* DATA
※

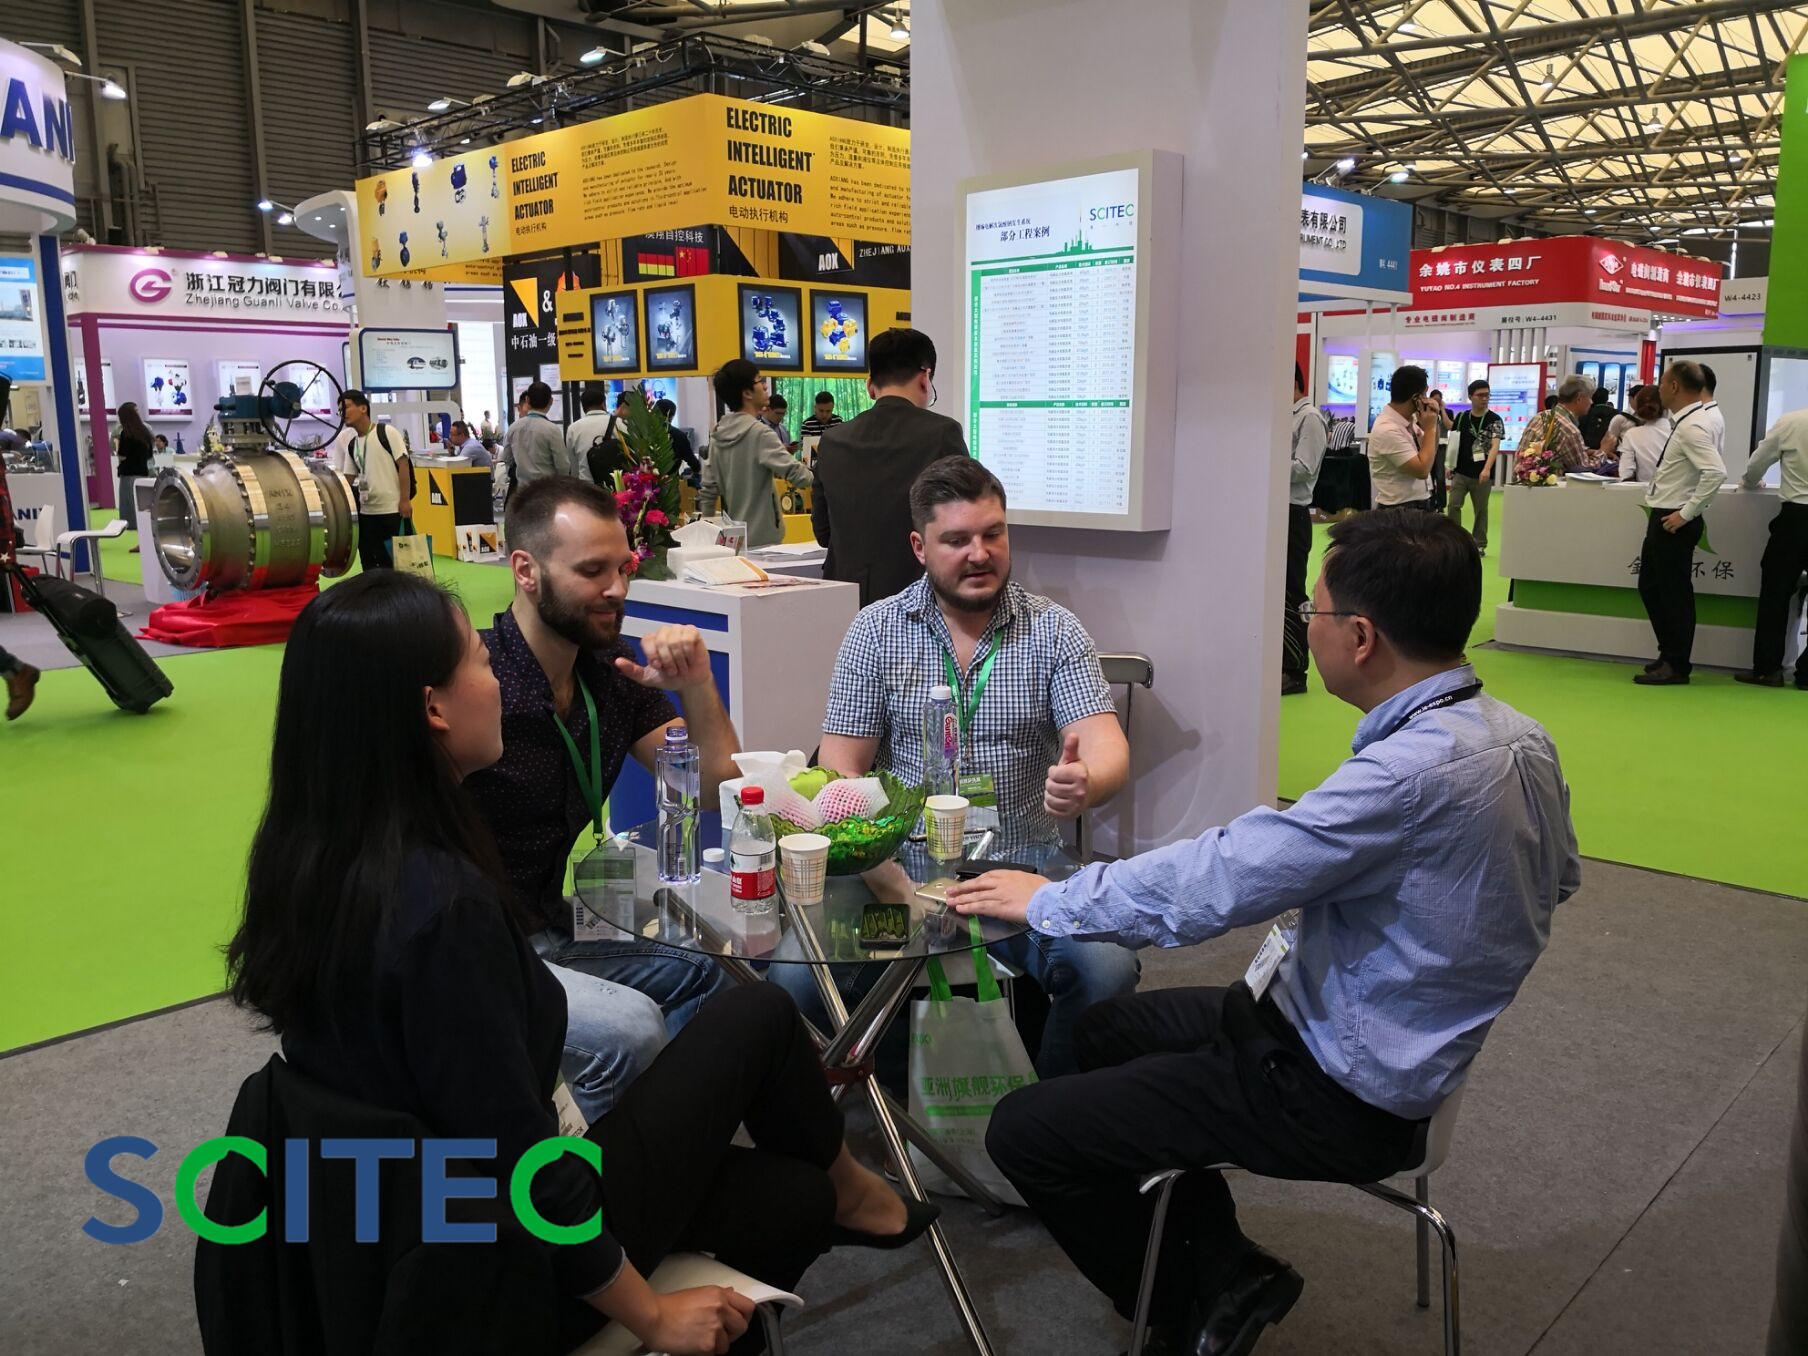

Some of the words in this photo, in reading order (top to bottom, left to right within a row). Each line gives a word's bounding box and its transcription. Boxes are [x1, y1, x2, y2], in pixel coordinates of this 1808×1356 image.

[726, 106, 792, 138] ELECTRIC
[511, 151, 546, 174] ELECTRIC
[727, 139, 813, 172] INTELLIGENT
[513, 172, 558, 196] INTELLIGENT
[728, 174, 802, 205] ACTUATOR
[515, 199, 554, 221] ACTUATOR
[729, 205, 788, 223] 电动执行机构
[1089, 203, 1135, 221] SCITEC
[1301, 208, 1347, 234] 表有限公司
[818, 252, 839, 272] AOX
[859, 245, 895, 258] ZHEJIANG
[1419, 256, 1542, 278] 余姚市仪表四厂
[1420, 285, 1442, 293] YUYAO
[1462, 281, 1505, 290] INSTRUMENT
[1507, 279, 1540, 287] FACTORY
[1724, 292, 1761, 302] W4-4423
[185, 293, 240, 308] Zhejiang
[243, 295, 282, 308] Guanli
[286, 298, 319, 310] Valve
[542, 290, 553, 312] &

※

* WHAT THIS TASK INVOLVES
Give the listing again exactly, minus its images.

* ANSWER BOX
Some of the words in this photo, in reading order (top to bottom, left to right within a row). Each line gives a word's bounding box and its transcription. Boxes are [x1, y1, x2, y2], in pixel coordinates of this 1808×1356 image.

[726, 106, 792, 138] ELECTRIC
[511, 151, 546, 174] ELECTRIC
[727, 139, 813, 172] INTELLIGENT
[513, 172, 558, 196] INTELLIGENT
[728, 174, 802, 205] ACTUATOR
[515, 199, 554, 221] ACTUATOR
[729, 205, 788, 223] 电动执行机构
[1089, 203, 1135, 221] SCITEC
[1301, 208, 1347, 234] 表有限公司
[818, 252, 839, 272] AOX
[859, 245, 895, 258] ZHEJIANG
[1419, 256, 1542, 278] 余姚市仪表四厂
[1420, 285, 1442, 293] YUYAO
[1462, 281, 1505, 290] INSTRUMENT
[1507, 279, 1540, 287] FACTORY
[1724, 292, 1761, 302] W4-4423
[185, 293, 240, 308] Zhejiang
[243, 295, 282, 308] Guanli
[286, 298, 319, 310] Valve
[542, 290, 553, 312] &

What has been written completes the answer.